** Opening MATERIAL SHOWN block **

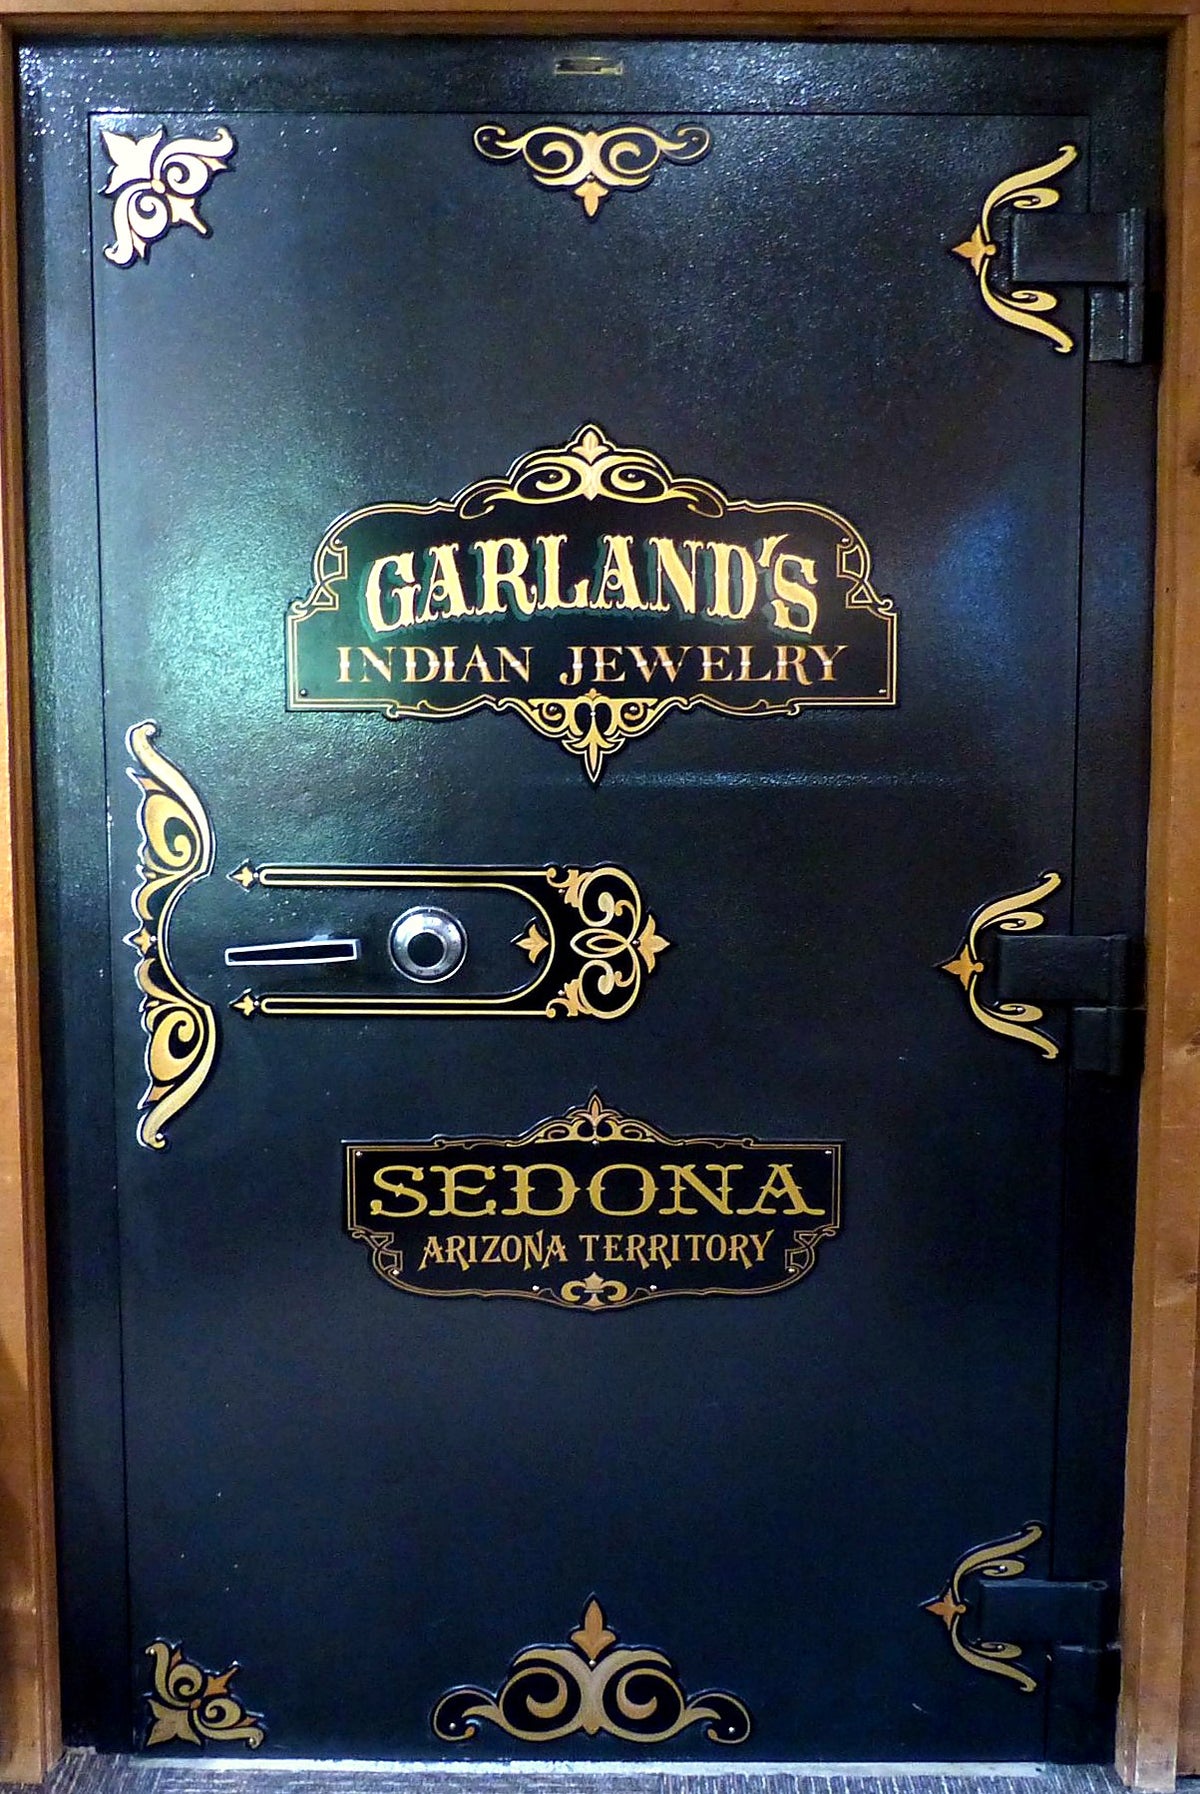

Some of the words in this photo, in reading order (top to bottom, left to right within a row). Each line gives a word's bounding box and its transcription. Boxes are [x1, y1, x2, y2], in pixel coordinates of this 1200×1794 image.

[364, 533, 818, 634] GARLAND'S
[336, 645, 534, 684] INDIAN
[559, 644, 848, 686] JEWELRY
[370, 1163, 826, 1217] SEDONA
[418, 1229, 568, 1271] ARIZONA
[579, 1229, 774, 1270] TERRITORY
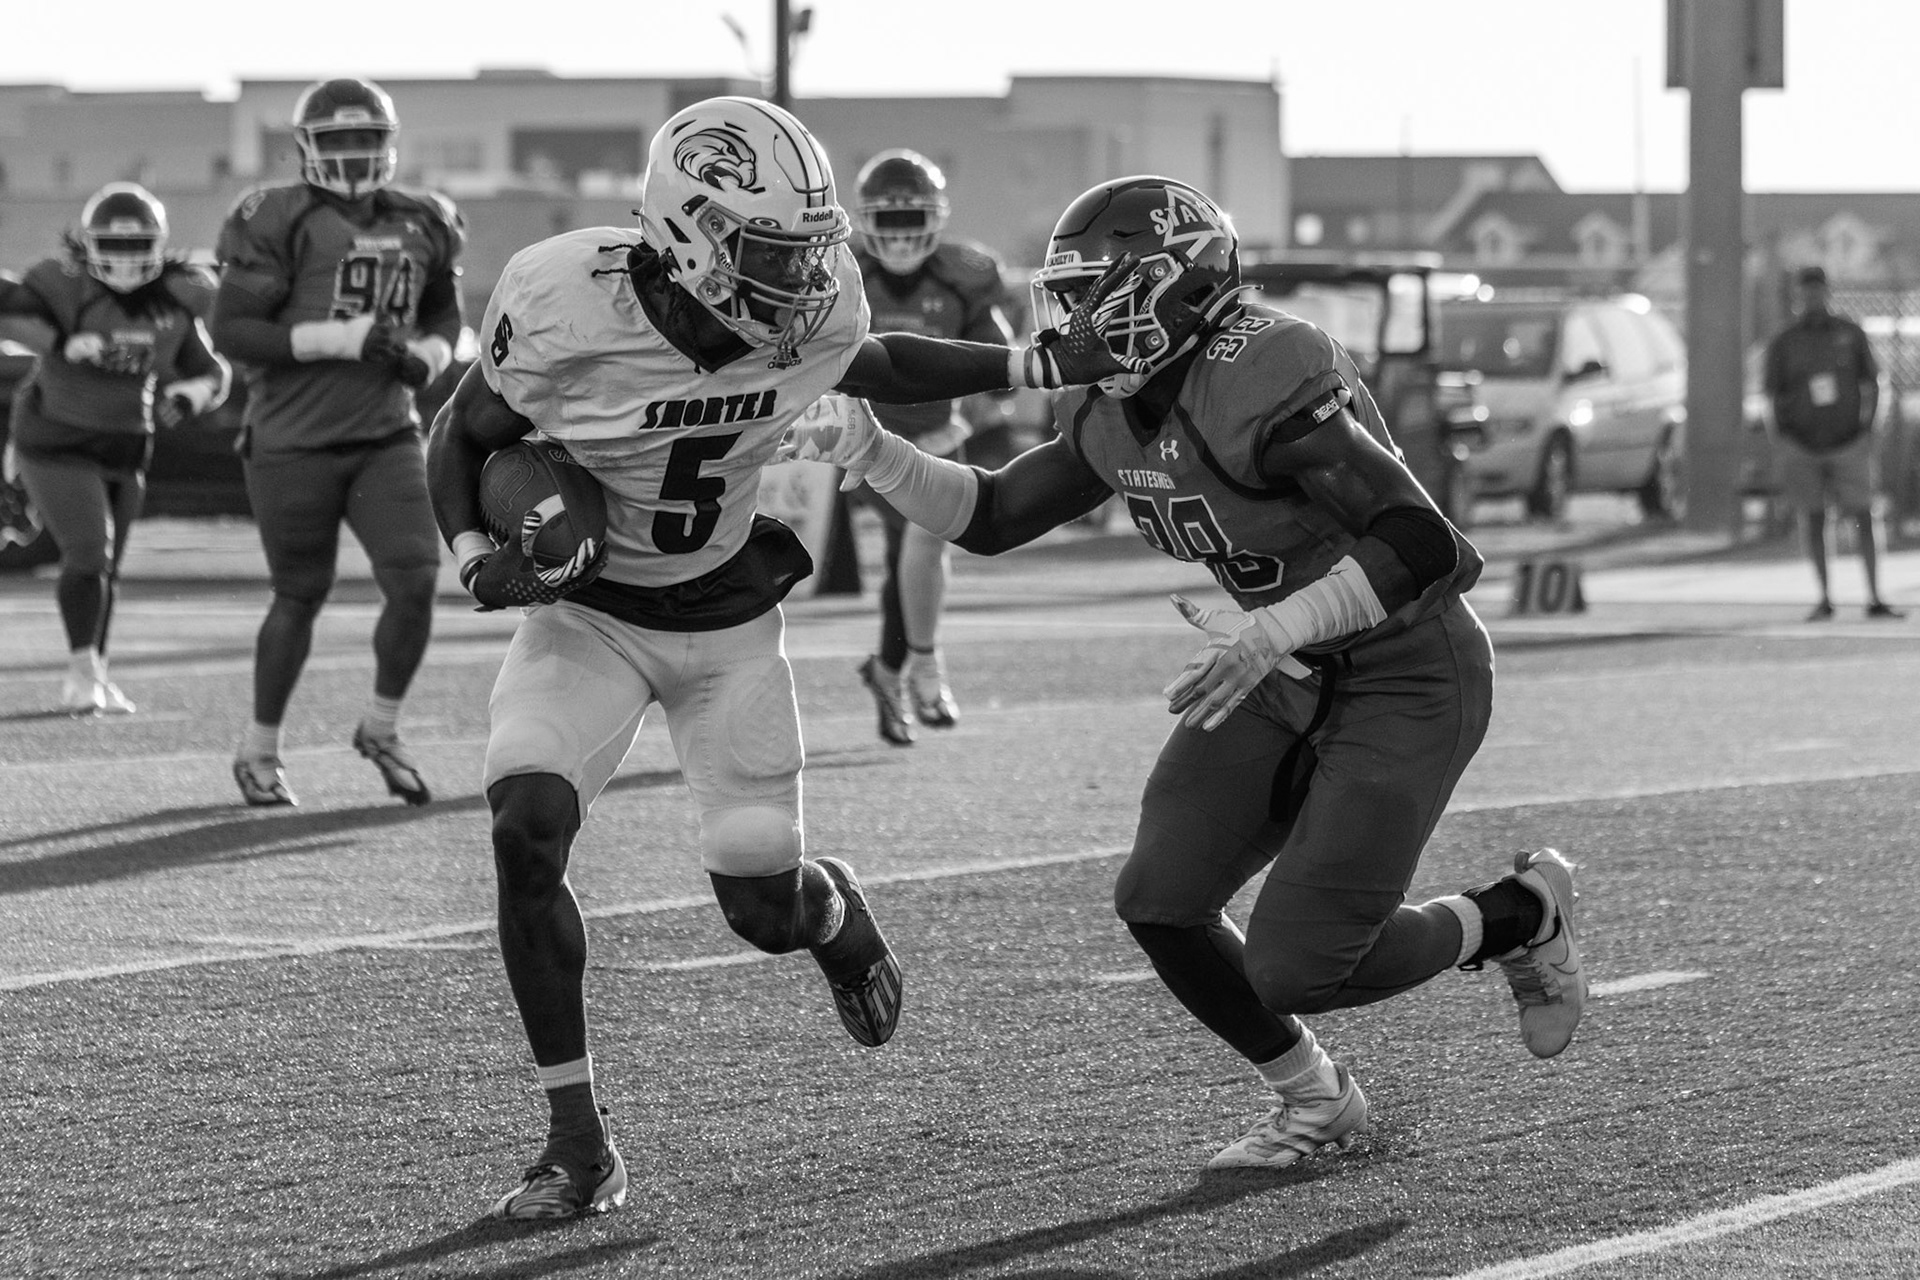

** Closing MATERIAL SHOWN block **

Although the records contain pictures, the copy should hold only their text, reproduced exactly.

> _OUTPUT FOR THIS TASK_:
Some of the words in this photo, in reading order (top to bottom, left to right within a row). Each line gives a word's bounding box and its transcription. Boxes are [x1, y1, x2, y2], in pixel coordinates of this 1200×1794 image.

[364, 533, 818, 634] GARLAND'S
[336, 645, 534, 684] INDIAN
[559, 644, 848, 686] JEWELRY
[370, 1163, 826, 1217] SEDONA
[418, 1229, 568, 1271] ARIZONA
[579, 1229, 774, 1270] TERRITORY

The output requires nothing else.